Congress put a moratorium on the practice of earmarking—putting money aside for a certain purpose—in 2010. More than a decade later, in 2021, House Republicans and Senate Democrats have lifted their bans on earmarks.

Examples of Pork Barrel Politics

Pork barrel spending and the intersection of money and politics extend back more than a century in U.S. politics. Abraham Lincoln, for example, traded Civil War contracts to northern businessmen in exchange for patronage jobs and campaign support. On a more local level, the early 20th century New York government was dominated by Tammany Hall, a political organization that frequently bartered government contracts for political power. Outrageous examples of political earmarks caution against pork barrel politics, including some of the following examples.

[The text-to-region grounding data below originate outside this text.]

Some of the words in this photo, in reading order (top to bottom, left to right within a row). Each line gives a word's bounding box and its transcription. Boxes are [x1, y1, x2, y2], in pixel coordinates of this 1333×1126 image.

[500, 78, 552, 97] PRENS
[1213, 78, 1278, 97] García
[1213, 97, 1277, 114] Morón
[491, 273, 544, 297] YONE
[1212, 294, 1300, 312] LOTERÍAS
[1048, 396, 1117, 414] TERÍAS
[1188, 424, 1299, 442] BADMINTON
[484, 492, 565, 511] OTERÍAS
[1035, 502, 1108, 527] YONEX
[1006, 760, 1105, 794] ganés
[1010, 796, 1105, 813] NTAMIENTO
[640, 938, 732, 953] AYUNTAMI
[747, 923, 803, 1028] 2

Alaska's Bridge to Nowhere

The American public turned against earmarking money through pork barrel politics toward the end of 2005. This was in response to a large federal highway transportation bill that included concessions for the state of Alaska. Congress initially approved more than $223 million for the infamous bridge to nowhere. The proposal was for the construction of a bridge that would connect the town of Ketchikan, Alaska, to the airport on Gravina Island. The former had a population of less than 9,000, while the latter only had 50 residents.

The project was going to be funded by federal taxpayers, with only a few Alaskans reaping the benefit. After a public outcry, the funds were rerouted and the project was scrapped.

Boston's Big Dig

Another example is the Big Dig project in Boston, a 7.8-mile section of highway that was relocated underground. It was one of the most expensive highway projects in the country, not to mention one of the most complicated because of delays, deaths, and flaws.

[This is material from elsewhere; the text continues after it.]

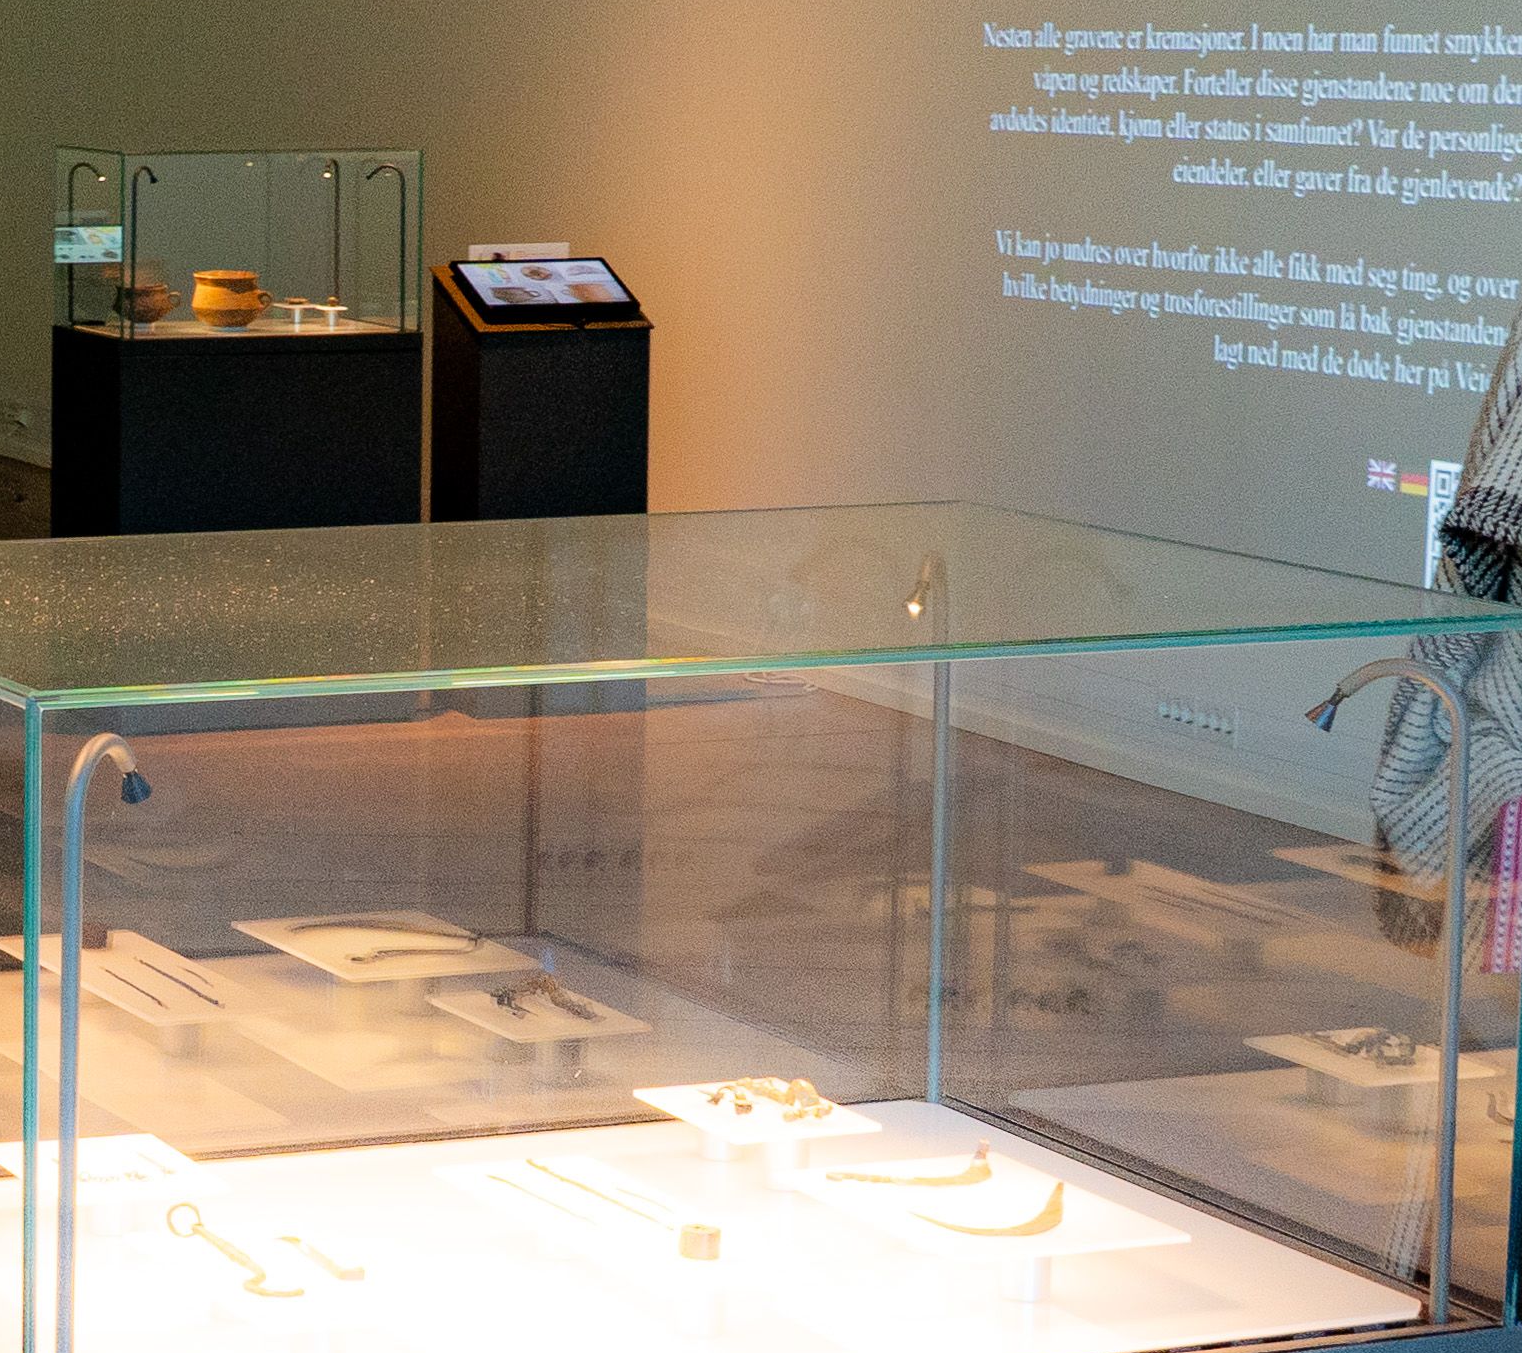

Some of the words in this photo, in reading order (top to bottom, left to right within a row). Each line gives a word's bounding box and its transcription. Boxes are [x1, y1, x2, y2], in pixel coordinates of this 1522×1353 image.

Federal funds were directed to the local project by then-Speaker of the House Tip O'Neill. Initiated in 1982, Congress originally approved the project in 1991 and was to cost $2.5 billion, to be completed in 1998. The Big Dig wasn't completed until 2007. The entire project cost nearly $15 billion—a cost significantly higher than the original budget.

Other Notable Examples

In 2011, the city of Bozeman, Montana awarded Montana State University with more than $740,000 to research the use of sheep grazing as a means of weed control. It came in the form of a three-year grant announced by U.S. Agriculture Deputy Secretary Kathleen Merrigan.

Historically, the Department of Defense (DoD) Appropriations Act contains the most pork. In the 2014 fiscal year budget, more than $120 million was allocated for tank upgrades that the U.S. Army did not even want. The award was apparently made because the supplier of the tanks had operations across several congressional districts.

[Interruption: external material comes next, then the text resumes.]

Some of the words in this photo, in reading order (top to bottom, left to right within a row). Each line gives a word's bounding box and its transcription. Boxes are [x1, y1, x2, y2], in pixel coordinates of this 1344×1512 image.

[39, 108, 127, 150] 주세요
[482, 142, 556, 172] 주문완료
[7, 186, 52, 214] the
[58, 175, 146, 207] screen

There are countless examples of pork barrel politics, but often these kinds of negotiations are hard to sniff out as they are buried within other bills.

Pork Barrel Legislation FAQs

What Are Earmarks and Pork Barrel Spending?

Earmarking is the Congressional practice of putting money aside for a certain purpose. Congress has now put a moratorium on the practice of earmarking since it became a gateway for pork barrel spending, projects approved based on personal relationships, or under-the-table deals made with special interest groups. In politics, they are virtually synonymous nowadays.

What Are Government Appropriations?

Appropriations are the budget process of Congress setting aside money for a particular purpose, agency, or program.

What Is It Called When Congress Adds Something to a Bill?

When Congress adds a provision to a bill in the legislative procedure, this is known as a rider. In the past, earmarking a certain bill (which could veer on the side of pork-barrel politics) would be tucked into a bill but not as an official addendum.

Why Is It Called “Pork Barrel” Spending?

The name "pork barrel politics" derived from when enslaved people would receive barrels of salted pork as a "reward" from the people that owned them. This dates as far back as the early 1700s.